More Americans Killed by Bees and Wasps or Falling Televisions than by Terrorists

Sunday, June 10, 2012
(photo: Wim van Egmond,
Fear, an emotion often only tenuously tethered to reality, arises from the belief that danger is near, whether it really is or not, and can be created and manipulated by those in power. Fear of terrorism is a case in point. Since the tragic attacks of September 11, 2001, the U.S. government has stoked fears of terrorism, even as government statistics released last week demonstrate these fears are overblown.
Since 9/11, a total of 238 American citizens have died from terrorist attacks, or an average of 24 per year, although only 15 Americans died in 2010 and 17 in 2011—none of them in the United States and almost all of them in Afghanistan or Iraq, where the U.S. has been waging wars for a decade. Thus out of 25,719 terrorism-related deaths worldwide in 2010-2011, Americans accounted for only 0.124%. This is consistent with the fact that the total number of attacks worldwide in 2011 dropped by nearly 12 percent from 2010 and nearly 29 percent from 2007.

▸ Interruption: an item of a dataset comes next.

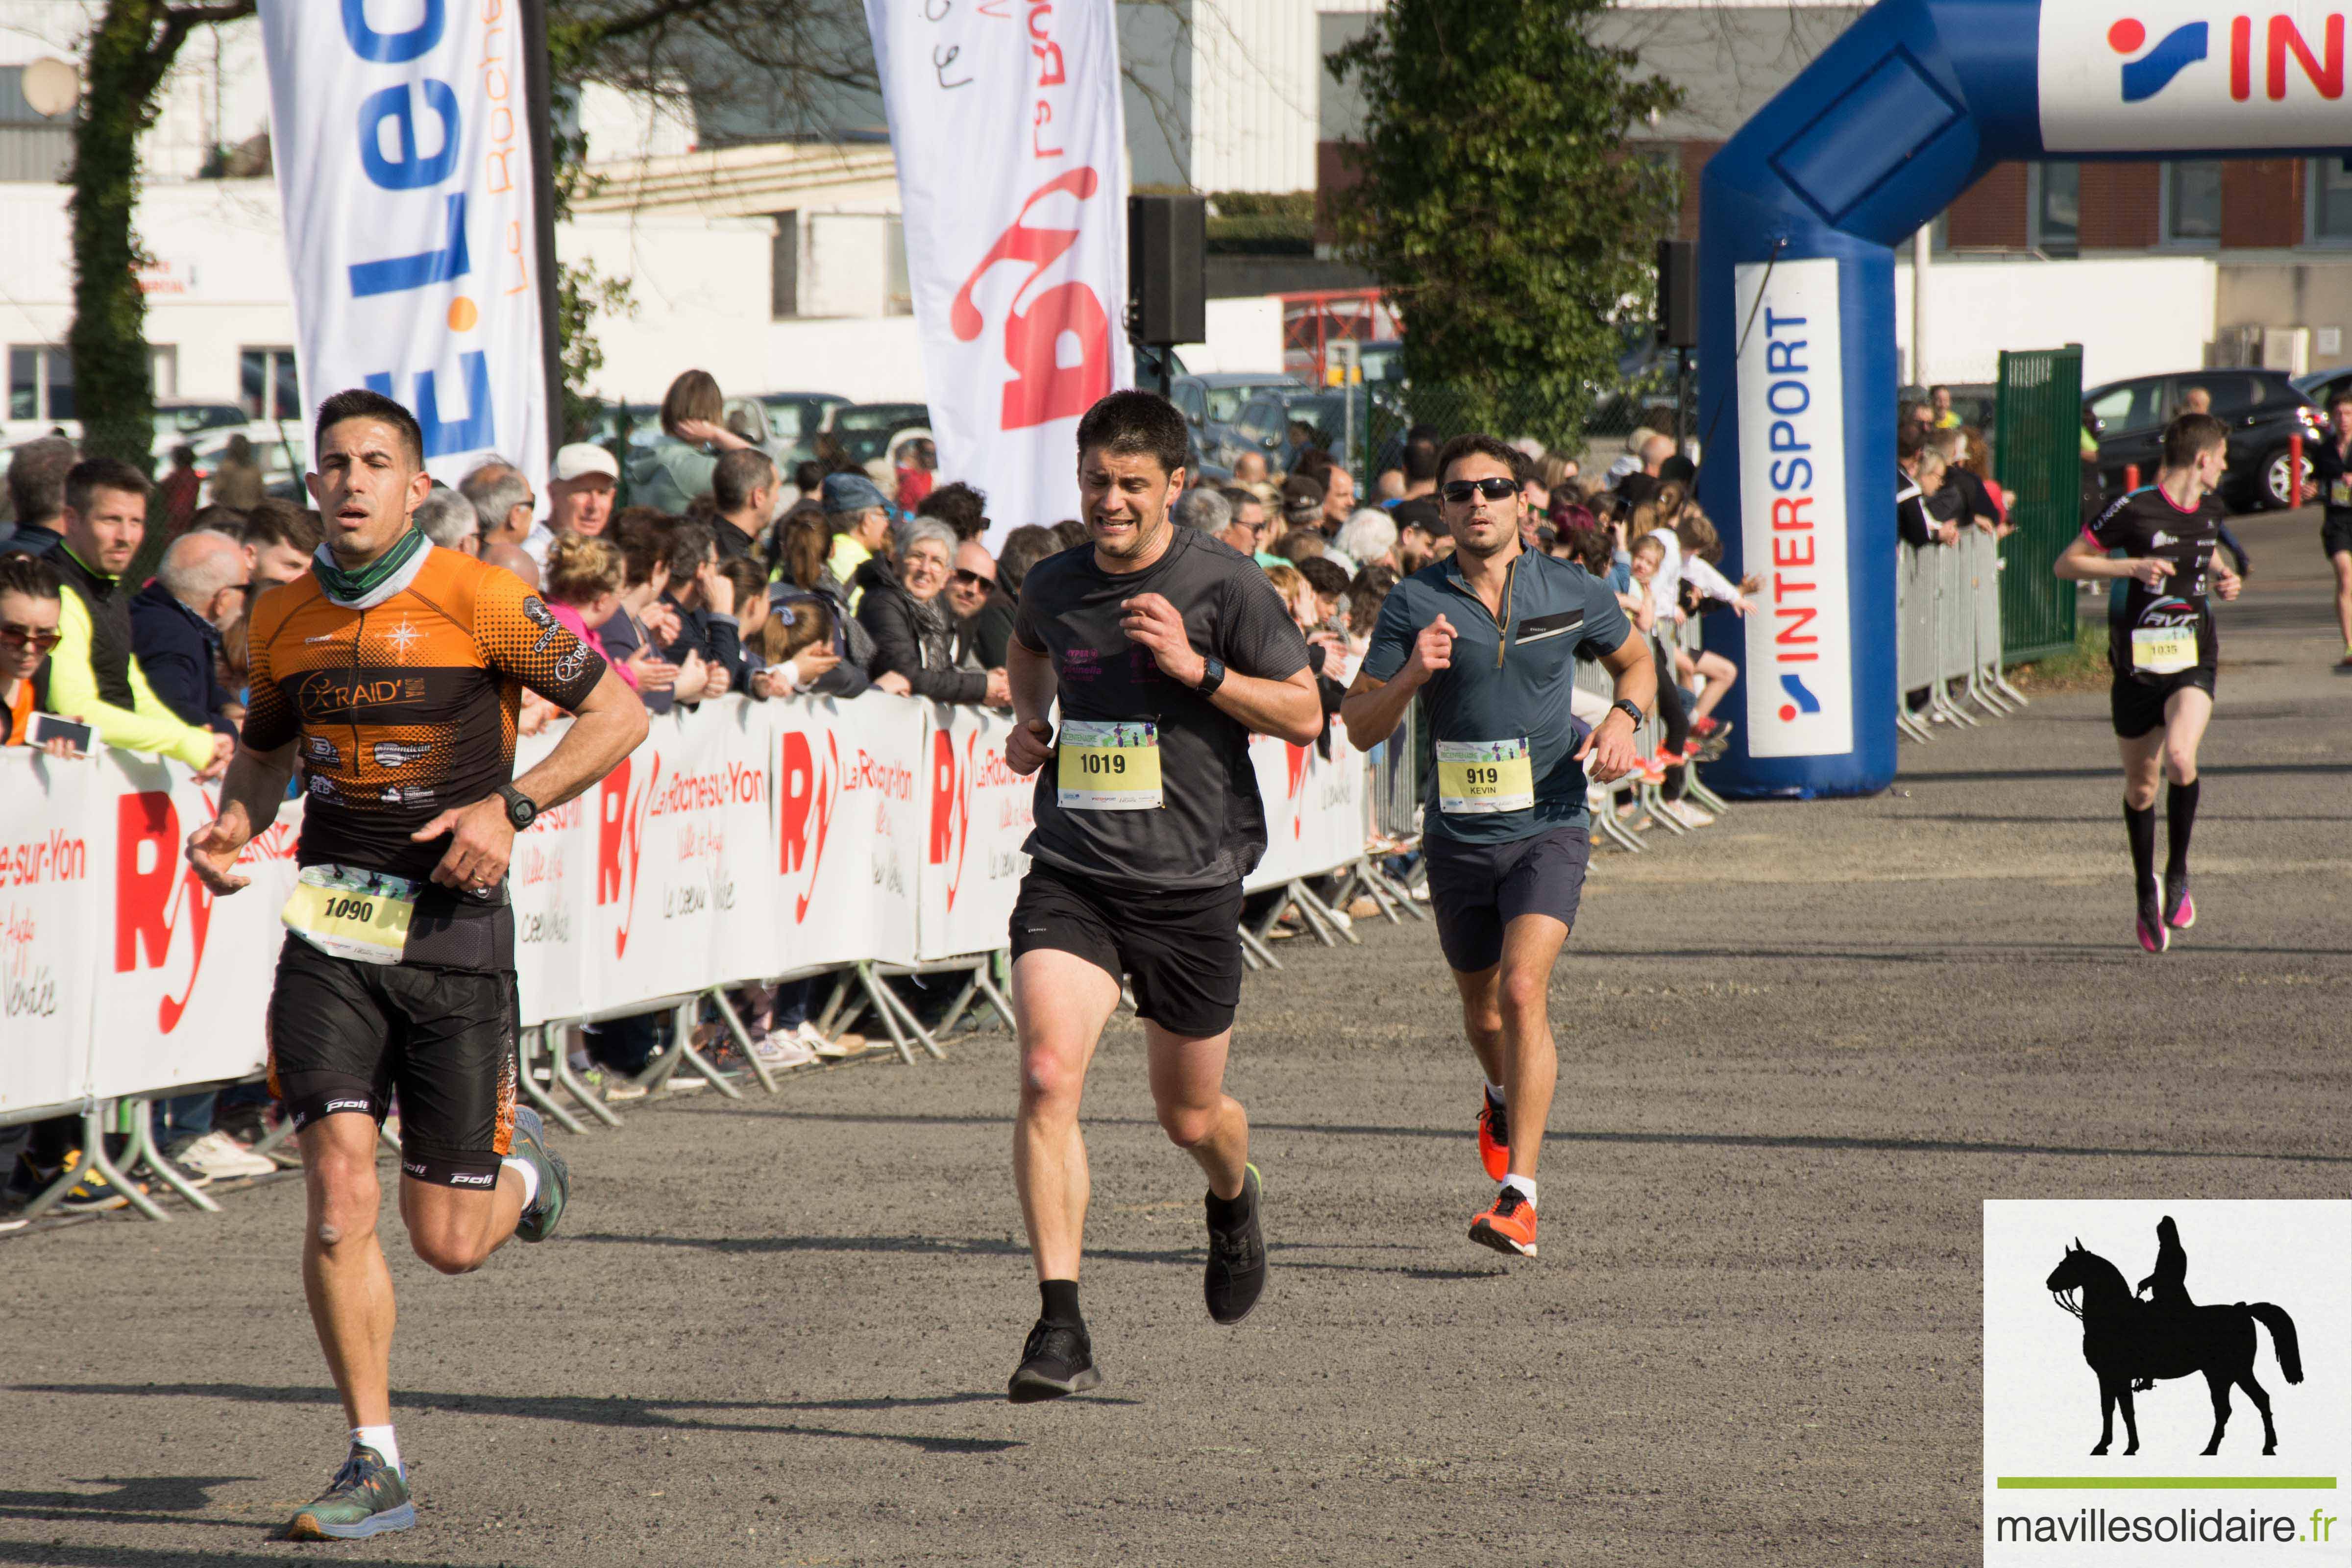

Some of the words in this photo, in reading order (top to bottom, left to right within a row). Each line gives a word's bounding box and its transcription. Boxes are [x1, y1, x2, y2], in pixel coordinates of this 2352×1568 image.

To put these numbers in perspective, according to the Consumer Product Safety Commission, the average American is as likely to be crushed to death by televisions or furniture as they are to be killed by a terrorist. In fact, between 2000 and 2010, 293 Americans died because a television, furniture piece or appliance fell on them, 55 more than died of terrorism between 2001 and 2011. Likewise, an average of more than 40 Americans are killed each year because of allergic reactions to stings by bees, wasps and hornets.
Instead, by far the biggest threat to Americans is themselves. According to a recent World Health Organization report, noncommunicable diseases like cancer, lung disorders, diabetes and heart disease cause 87 percent of all American deaths, compared with 64 percent in the rest of the world. Such diseases are primarily caused by smoking, poor diet, lack of physical activity, and alcohol abuse, which means that Americans are killing themselves at a far greater rate than any terrorist organization could ever desire.
-Matt Bewig
To Learn More:
How Many Americans Are Killed by Terrorism? (by Micah Zenko, Council on Foreign Relations)
2011 Report on Terrorism (National Counterterrorism Center) (pdf)
Instability of Televisions, Furniture, and Appliances: Estimated Injuries and Reported Fatalities, 2011 (by Kevin Gipson and Adarn Suchy, (U.S. Proidcut Safety Commission) (pdf)
Consumer Product-Related Statistics (Consumer Product Safety Commission)


Scoo 7 years ago
You seem to be speaking of irrational fears...the kind mentioned by FDR. 'The only thing you have to fear is fear itself'...that's a phobia. The fear itself is about being killed. Dwelling on it irrationally leads to pointless phobias regarding lack of control neverending.
Peter 9 years ago
The idea of terror is not to kill but to invoke terror. Globally a lot of people ARE killed by terror, but many many more are affected. If your church is bombed (like we see in eg. Iraq) you might not die but you are still affected. Murder is just one of the means of terrorism. Don't forget the rest. And don't forget that terrorism is a Global problem - not an American problem.